— Records from a dataset —

● ● ●

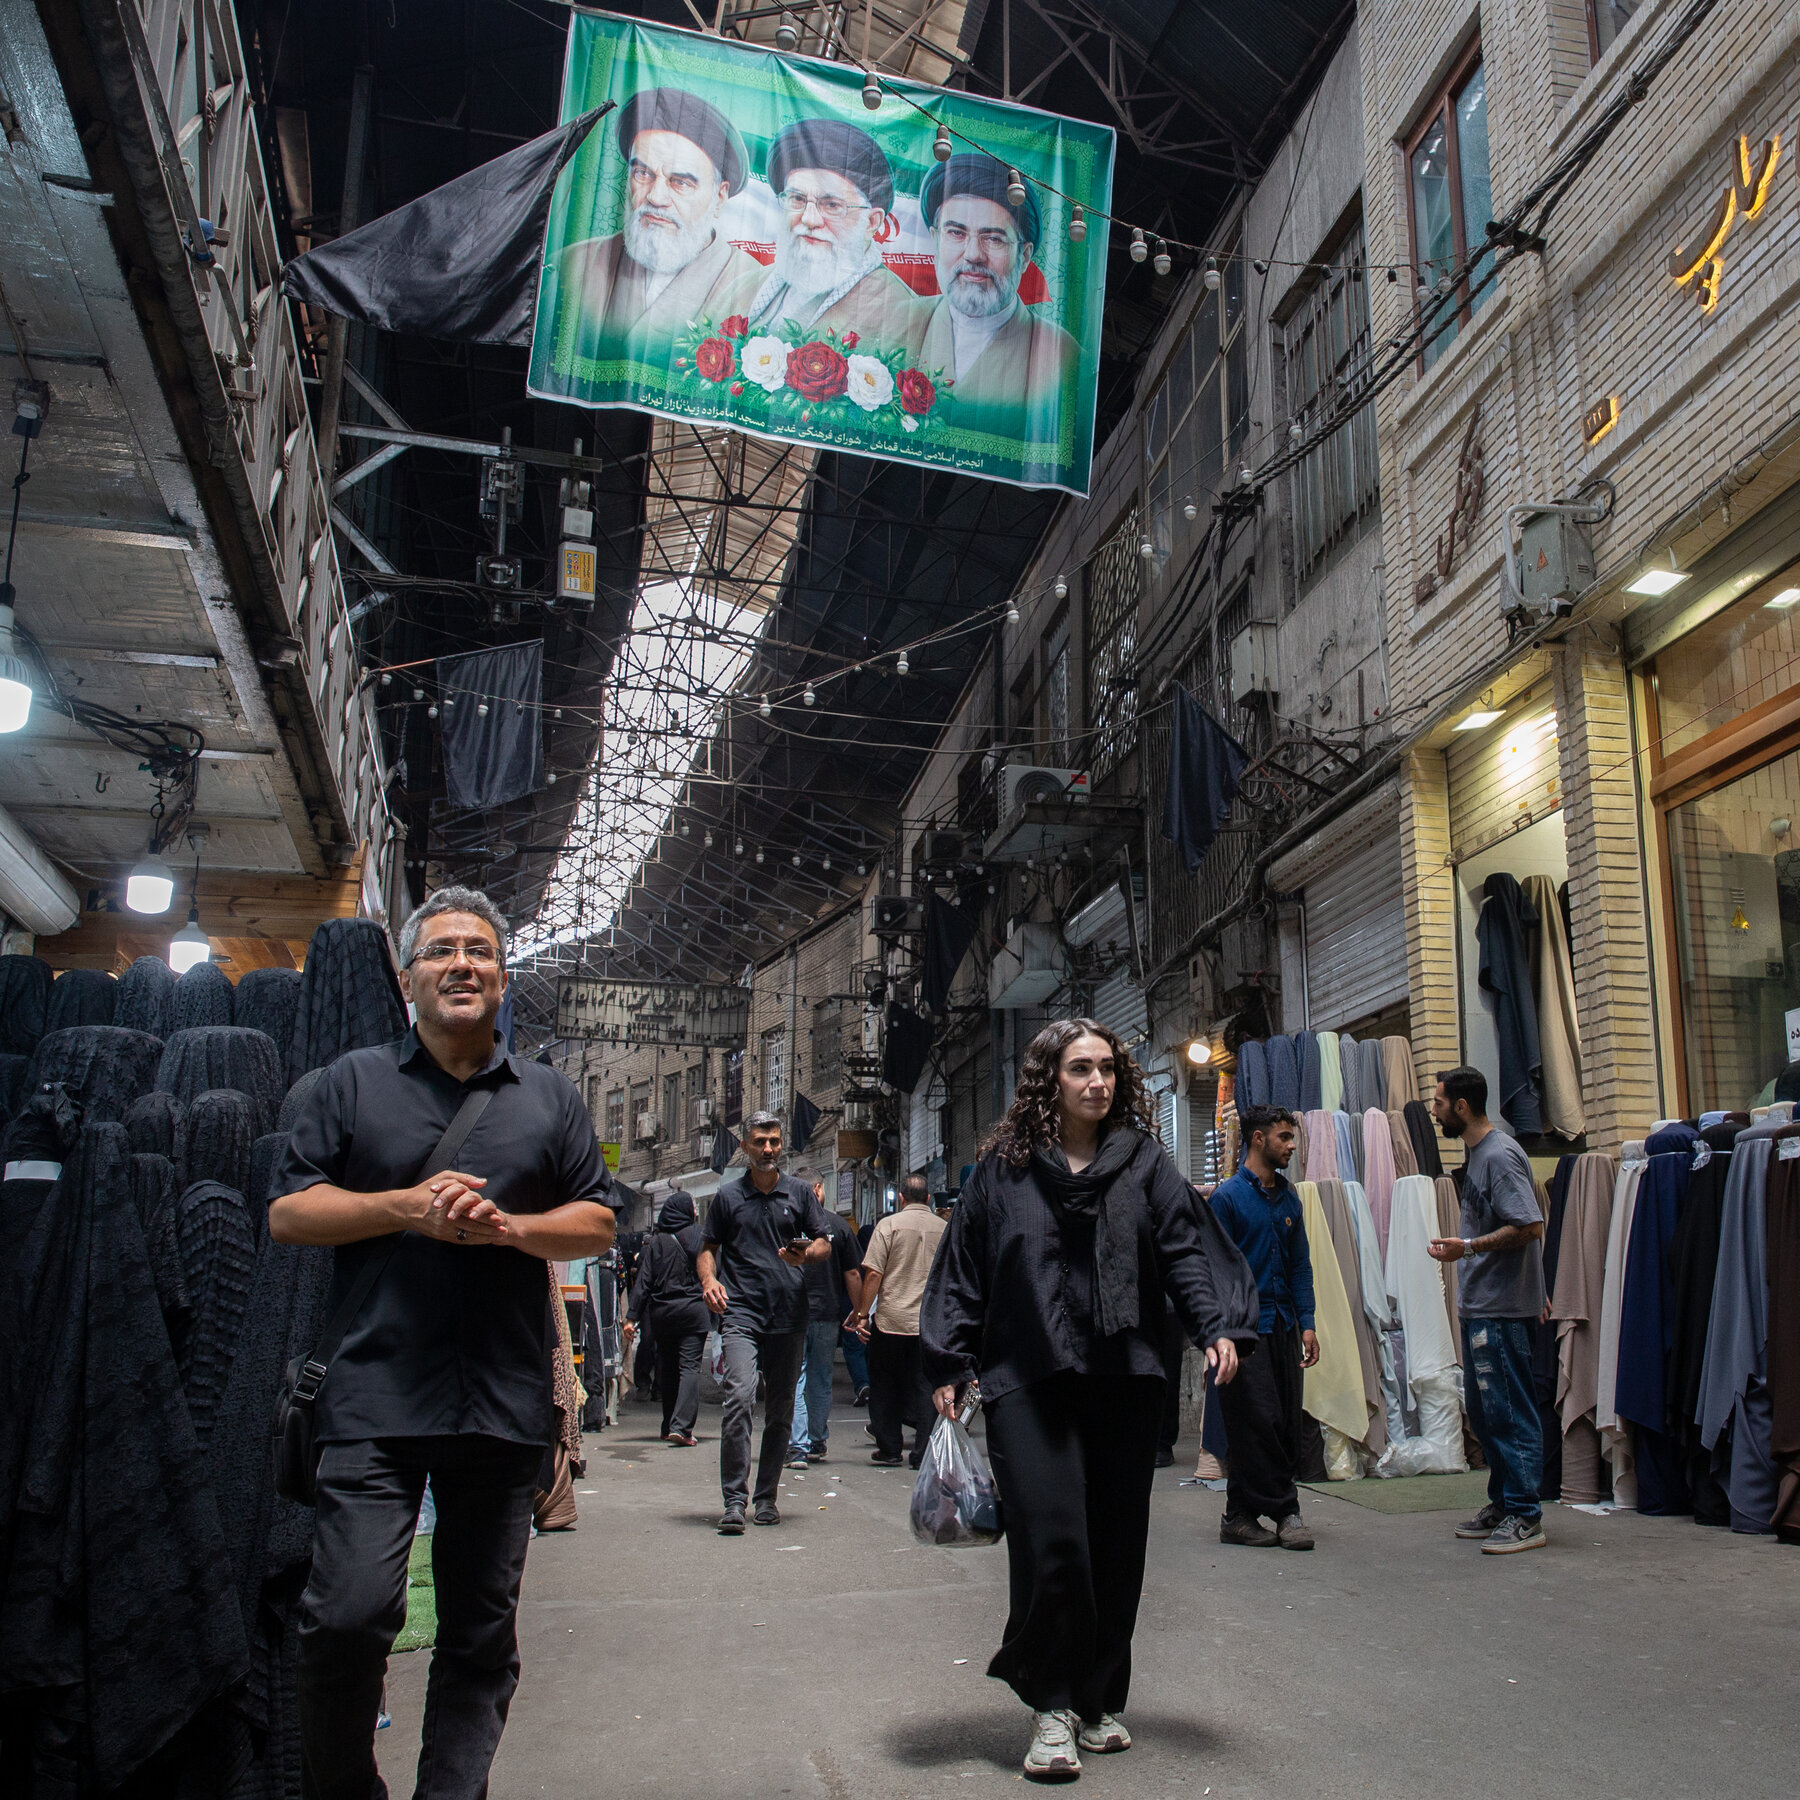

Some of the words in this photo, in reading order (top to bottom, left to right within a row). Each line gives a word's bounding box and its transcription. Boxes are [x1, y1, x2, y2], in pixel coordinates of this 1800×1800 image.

[639, 392, 663, 407] تهران
[663, 398, 683, 412] بازار
[701, 406, 737, 418] امامزاده
[738, 413, 766, 427] مسجد
[773, 424, 796, 434] غدیر
[798, 425, 833, 441] فرهنگی
[834, 432, 862, 446] شورای
[870, 440, 899, 451] قماش
[899, 444, 923, 457] صنف
[924, 451, 955, 462] اسلامی
[955, 458, 984, 469] انجمن
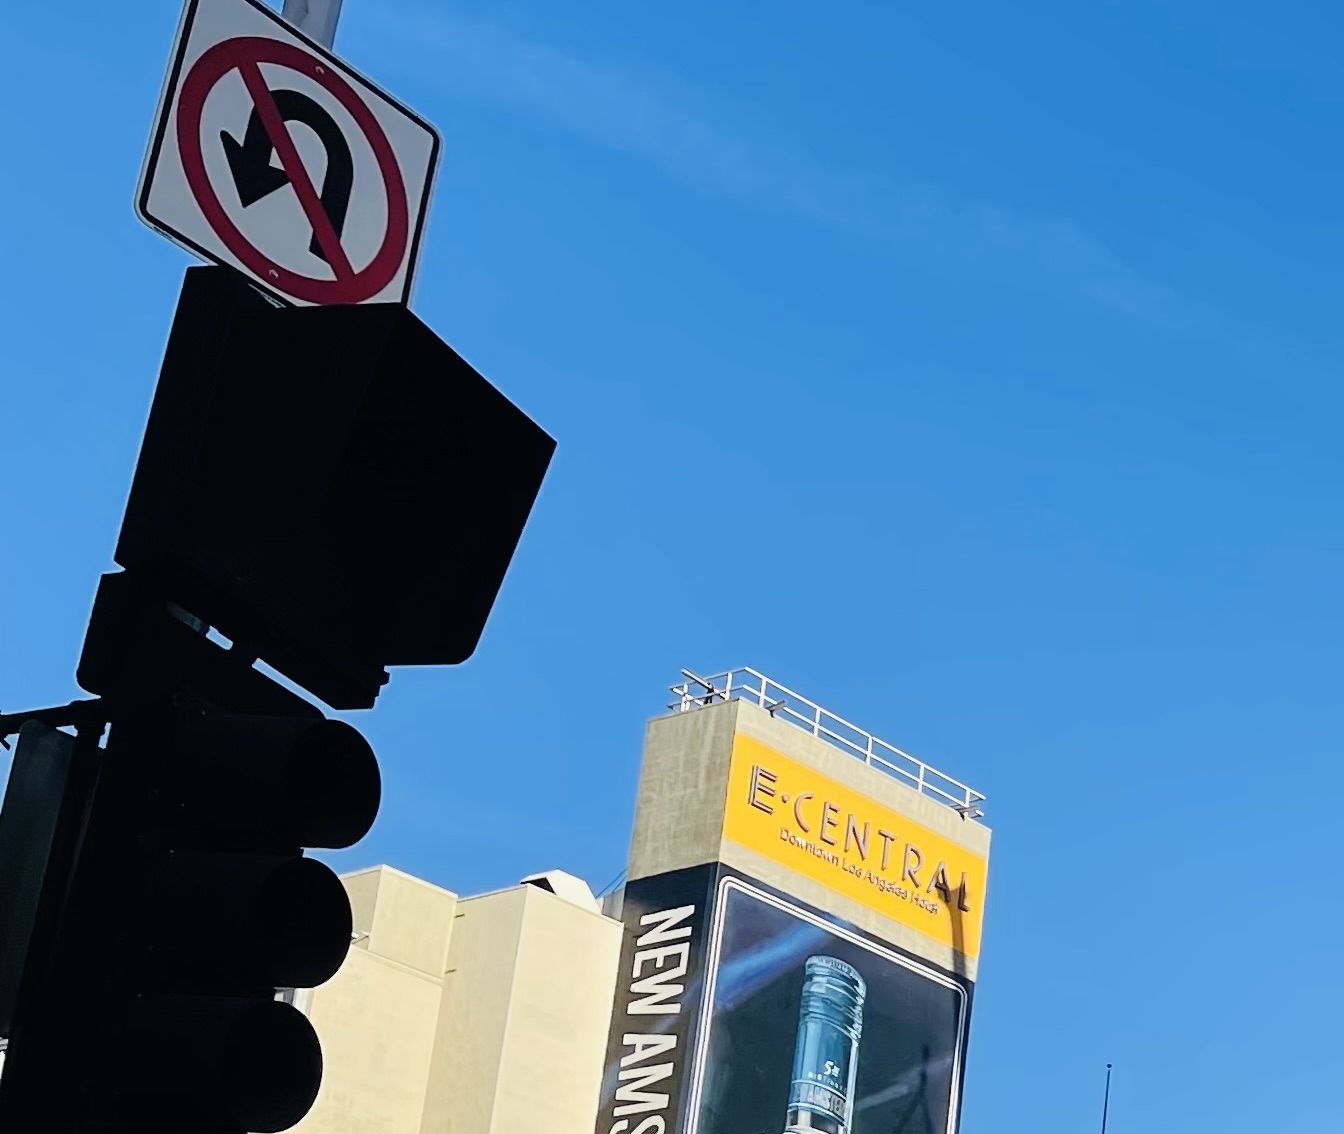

● ● ●

— TASK —
Would you return all the data exactly as given, minus the pictures?

— RESULT FOR THIS EXERCISE —
Some of the words in this photo, in reading order (top to bottom, left to right within a row). Each line gives a word's bounding box and its transcription. Boxes are [x1, y1, x2, y2], in pixel coordinates of this 1800×1800 image.

[639, 392, 663, 407] تهران
[663, 398, 683, 412] بازار
[701, 406, 737, 418] امامزاده
[738, 413, 766, 427] مسجد
[773, 424, 796, 434] غدیر
[798, 425, 833, 441] فرهنگی
[834, 432, 862, 446] شورای
[870, 440, 899, 451] قماش
[899, 444, 923, 457] صنف
[924, 451, 955, 462] اسلامی
[955, 458, 984, 469] انجمن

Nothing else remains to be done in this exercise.